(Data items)

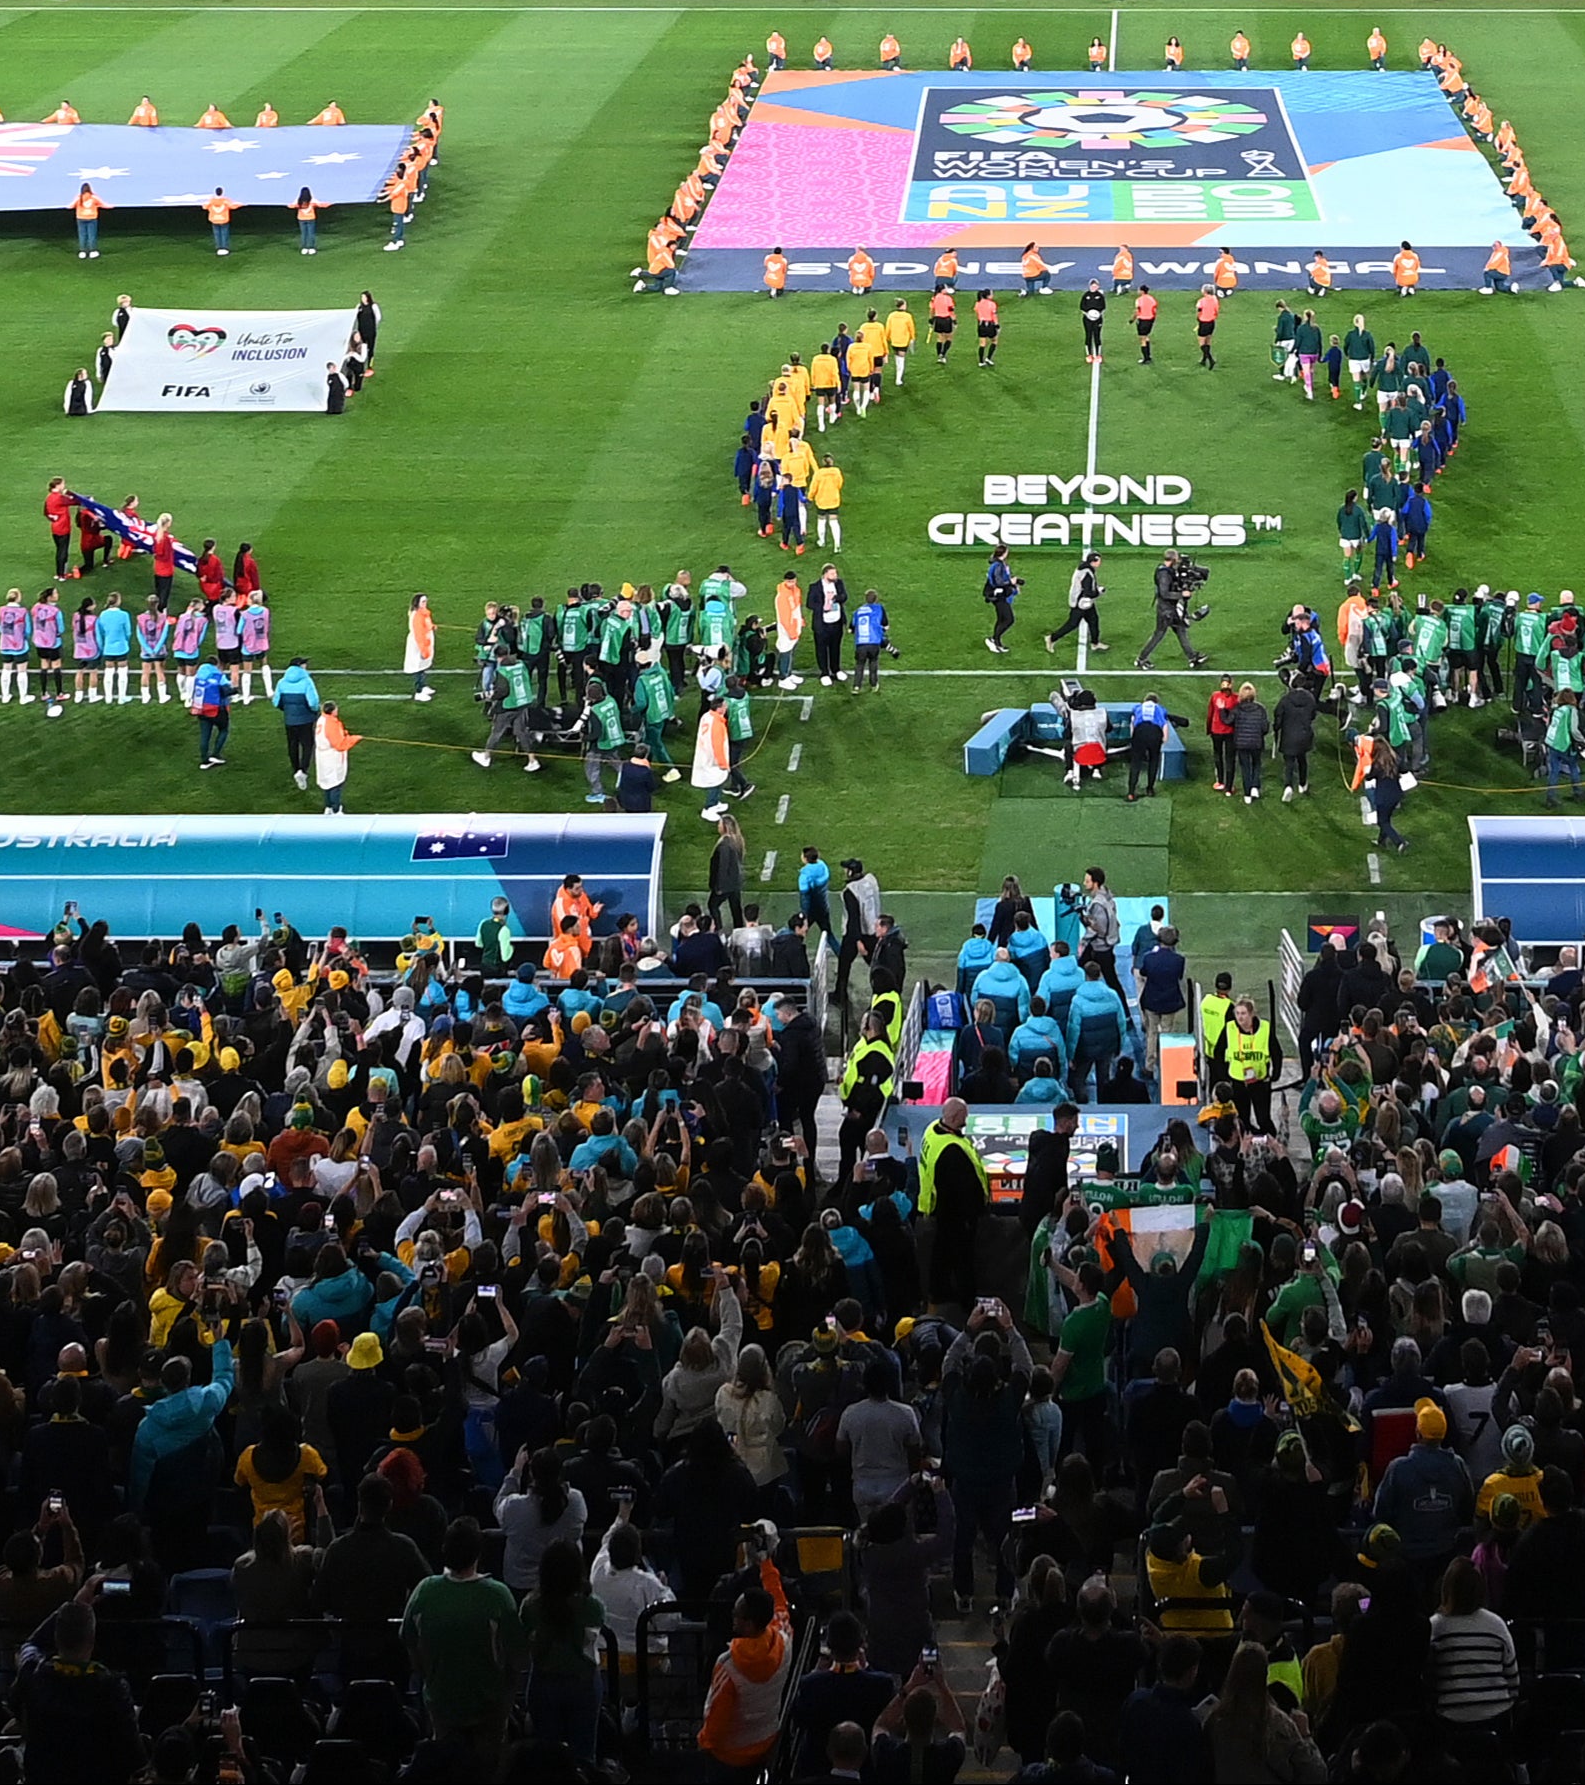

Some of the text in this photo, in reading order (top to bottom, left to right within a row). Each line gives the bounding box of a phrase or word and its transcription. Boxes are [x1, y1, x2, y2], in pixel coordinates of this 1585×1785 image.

[933, 151, 1057, 162] FIFA
[934, 160, 1177, 170] WOMEN'S
[932, 168, 1229, 179] WORLD CUP
[930, 183, 1090, 201] AU
[929, 200, 1090, 219] NZ
[236, 332, 274, 347] Unite
[231, 346, 308, 362] INCLUSION
[161, 384, 214, 398] FIFA
[983, 473, 1192, 506] BEYOND
[1468, 1411, 1490, 1446] 7

● **Task goal**
Transcribe the data verbatim. No picture belongs in the result.

● **The completed task**
Some of the text in this photo, in reading order (top to bottom, left to right within a row). Each line gives the bounding box of a phrase or word and its transcription. Boxes are [x1, y1, x2, y2], in pixel coordinates of this 1585×1785 image.

[933, 151, 1057, 162] FIFA
[934, 160, 1177, 170] WOMEN'S
[932, 168, 1229, 179] WORLD CUP
[930, 183, 1090, 201] AU
[929, 200, 1090, 219] NZ
[236, 332, 274, 347] Unite
[231, 346, 308, 362] INCLUSION
[161, 384, 214, 398] FIFA
[983, 473, 1192, 506] BEYOND
[1468, 1411, 1490, 1446] 7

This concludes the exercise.